Há quem ganhe a vida, numa casa-de-banho pública… – Ricardo Espada

Primeiro que tudo – e como mandam as regras da boa educação – quero desejar um feliz 2014 a todos os leitores desta crónica. Mas, atenção, é só mesmo para os leitores que perdem 1 ou 2 minutos a ler os textos semanais da crónica “Graças a Dois”. Aos restantes “curiosos” que passam pela crónica apenas para ler o título e regressam à sua vidinha normal, podem tirar o cavalinho da chuva   que daqui não levam nada. Nem sequer um rebuçado acabado de cair em cima de uma bosta de pombo – posteriormente lavado com um pouco de resina, que é para ficar bem coladinho no céu da boca…

O ano de 2013 já lá vai, mas não podia acabar sem a existência de mais uma situação macabra. Afinal de contas, parece que estou a adquirir uma certa afinidade com situações macabras…
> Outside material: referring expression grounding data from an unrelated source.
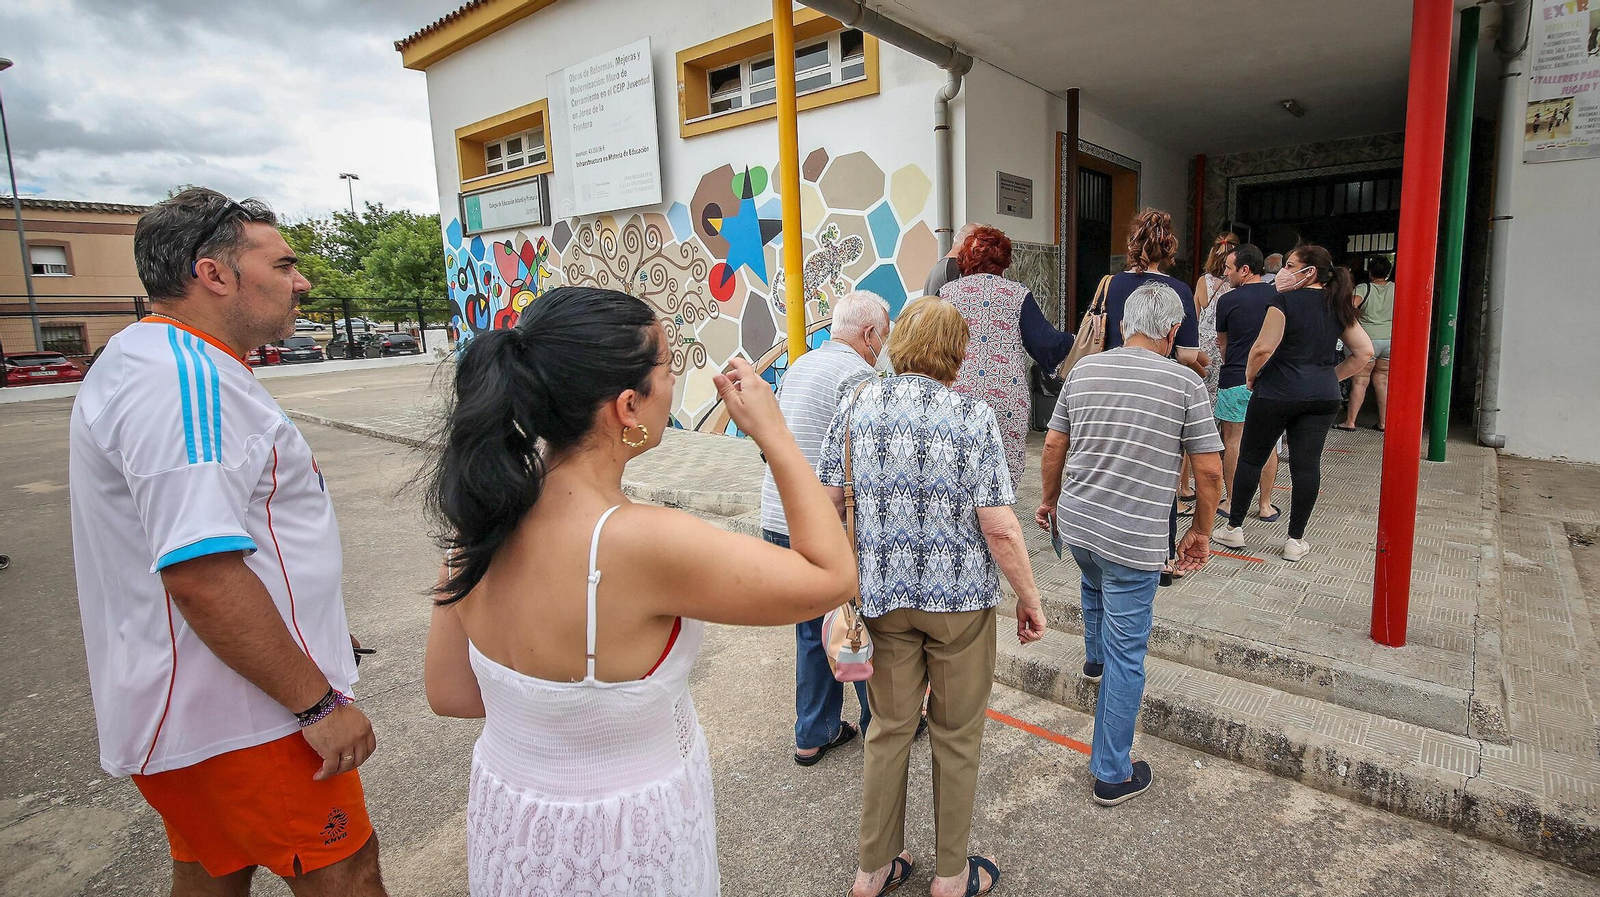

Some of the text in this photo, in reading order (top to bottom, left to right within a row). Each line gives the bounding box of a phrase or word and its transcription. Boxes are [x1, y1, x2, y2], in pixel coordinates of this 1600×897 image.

[569, 51, 640, 82] Obras de Reformas, Mejoras y
[606, 73, 620, 83] Muro
[621, 69, 627, 77] de
[571, 93, 599, 107] Cerramiento
[608, 87, 612, 96] el
[613, 82, 626, 94] CEIP
[627, 74, 650, 90] Juventud
[1560, 83, 1590, 95] JUGAR
[579, 108, 591, 118] Jerez
[592, 105, 598, 113] de
[573, 121, 593, 132] Frontera
[608, 152, 622, 160] Materia
[628, 146, 649, 156] Educación
[324, 832, 347, 846] KNVB
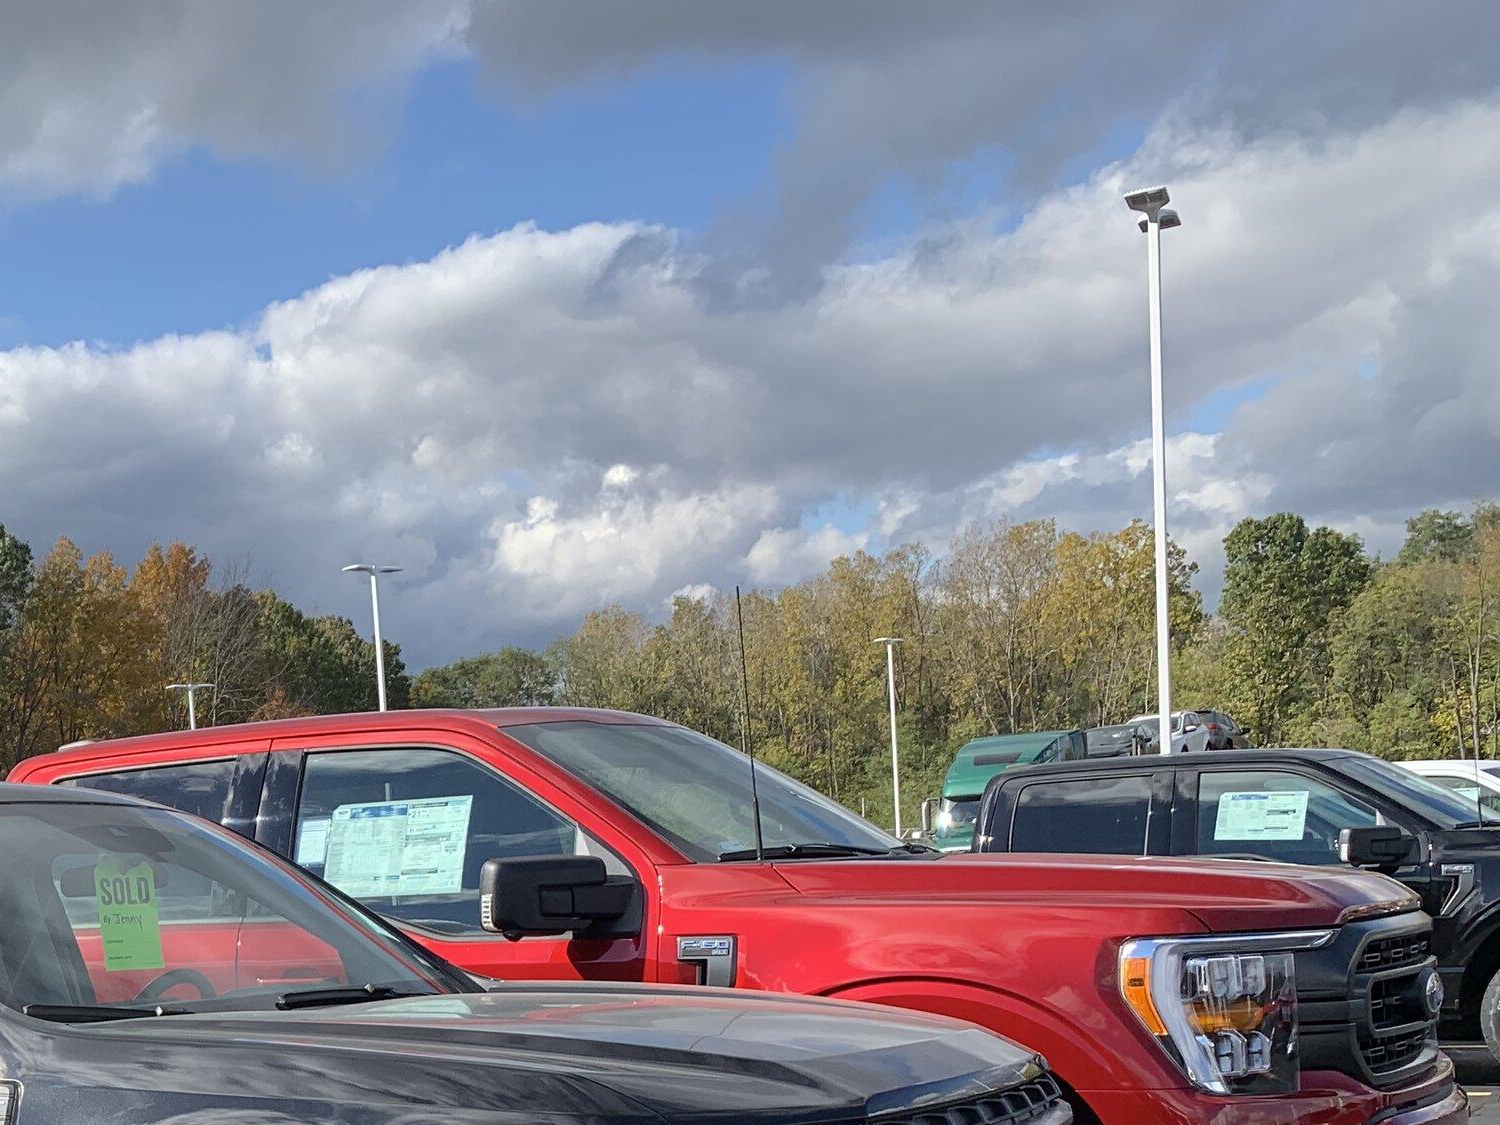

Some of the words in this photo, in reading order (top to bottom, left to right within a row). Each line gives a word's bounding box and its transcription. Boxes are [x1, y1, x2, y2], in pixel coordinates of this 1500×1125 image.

[99, 877, 150, 906] SOLD
[103, 915, 111, 924] By
[113, 912, 143, 930] Jenny
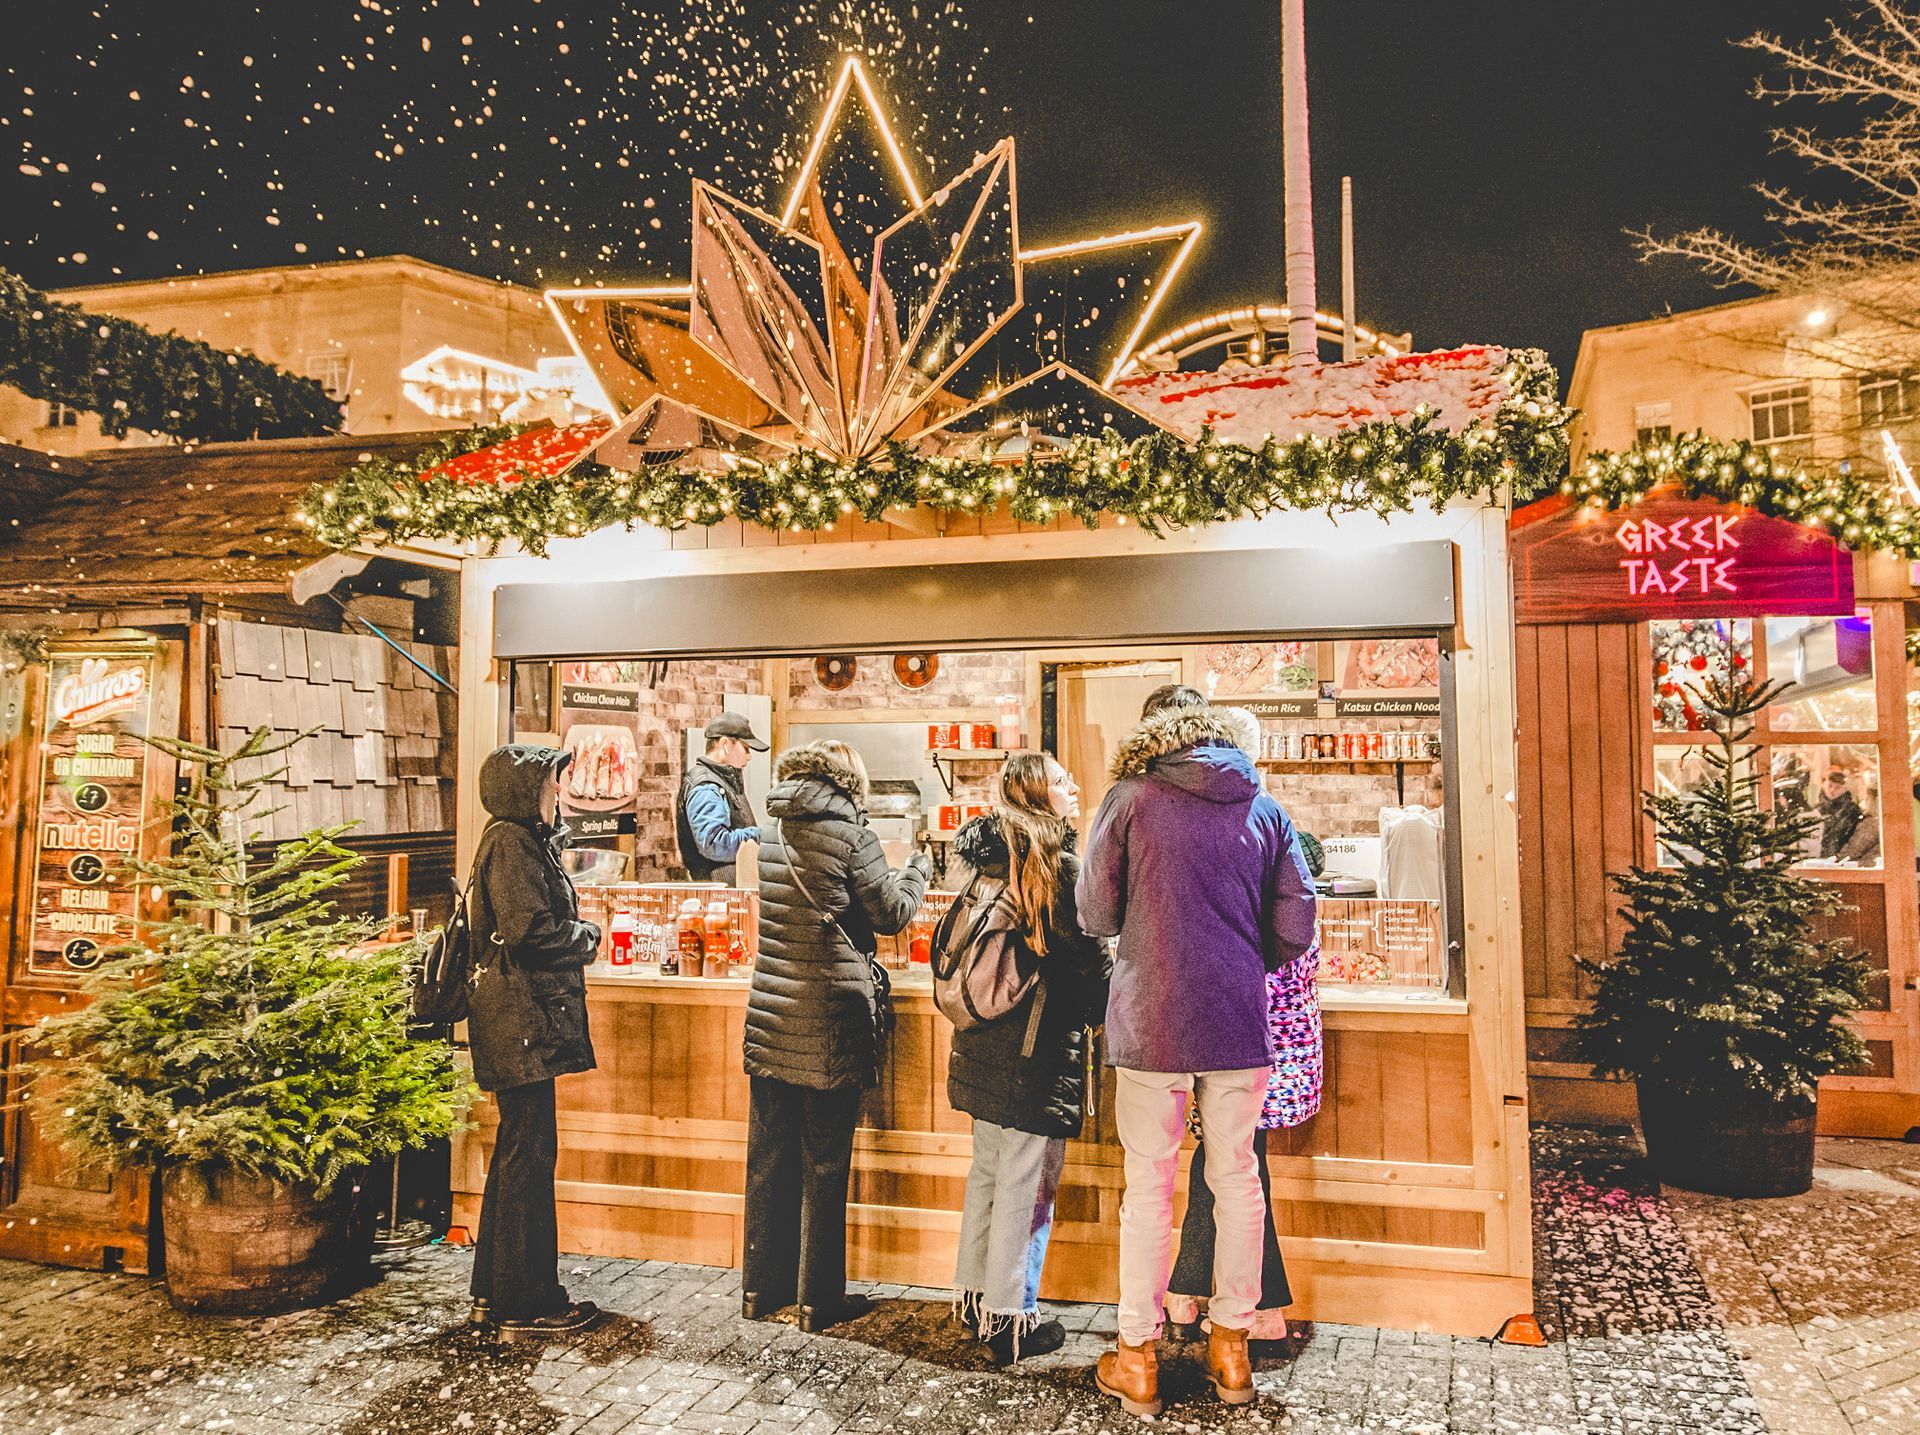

Eram sensivelmente 16 horas de uma Sexta-feira laboral desgastante. Vinha a conduzir a viatura da empresa, e encontrava-me na capital. Só tinha um pensamento a saltitar na minha mente: “Atravessar rapidamente a Ponte Vasco da Gama, para regressar a casa…” E se assim o pensei, assim o executei – entrei na Ponte Vasco da Gama, com um objectivo carregado de ansiedade, de quem está quase de fim-de-semana. Mas algo tinha de correr mal. Algo tinha de surgir, para impedir o meu normal regresso a casa: uma súbita e inesperada vontade de verter líquidos. Mas, não se tratou de uma vontade normal, mas sim, de uma vontade abismal e surpreendente de tão urgente que era. Ora, em cima do tabuleiro da Ponte Vasco da Gama, era-me impossível parar para tratar desse assunto, o que originou um ligeiro aumento de ansiedade que, por sua vez, ajudou a minha mente a criar cenários negativos para a minha saúde. Ora, é de conhecimento público, que não se deve contrariar durante demasiado tempo essa vontade do nosso organismo em expulsar o que está a mais – e, com base nessa lógica, o pensamento de que estaria a deteriorar a minha próstata, rapidamente se tornou num pesadelo para mim. Mas existia uma salvação a 10 quilómetros: um posto de combustível… Pé no acelerador, e lá fui eu direito ao posto de combustível, numa altura em que já sentia um pequeno ardor na bexiga, provavelmente derivado da força que ia fazendo ao tentar bloquear a saída eminente do líquido em questão.

Finalmente avisto a bomba, e em desespero nem estacionei bem a viatura. Ficou algures entre a estrada, e a casa-de-banho pública. Quis correr para a casa-de-banho mas, de repente, parecia que a minha bexiga pesava 50 quilos – e correr desenfreadamente com 50 quilos no lugar da bexiga, não é tarefa fácil. Se o realizador da série Walking Dead estivesse naquele posto de combustível, naquele preciso momento, de certeza que me iria convidar para figurante da série – eu parecia um verdadeiro zombie, a arrastar-me para a casa-de-banho.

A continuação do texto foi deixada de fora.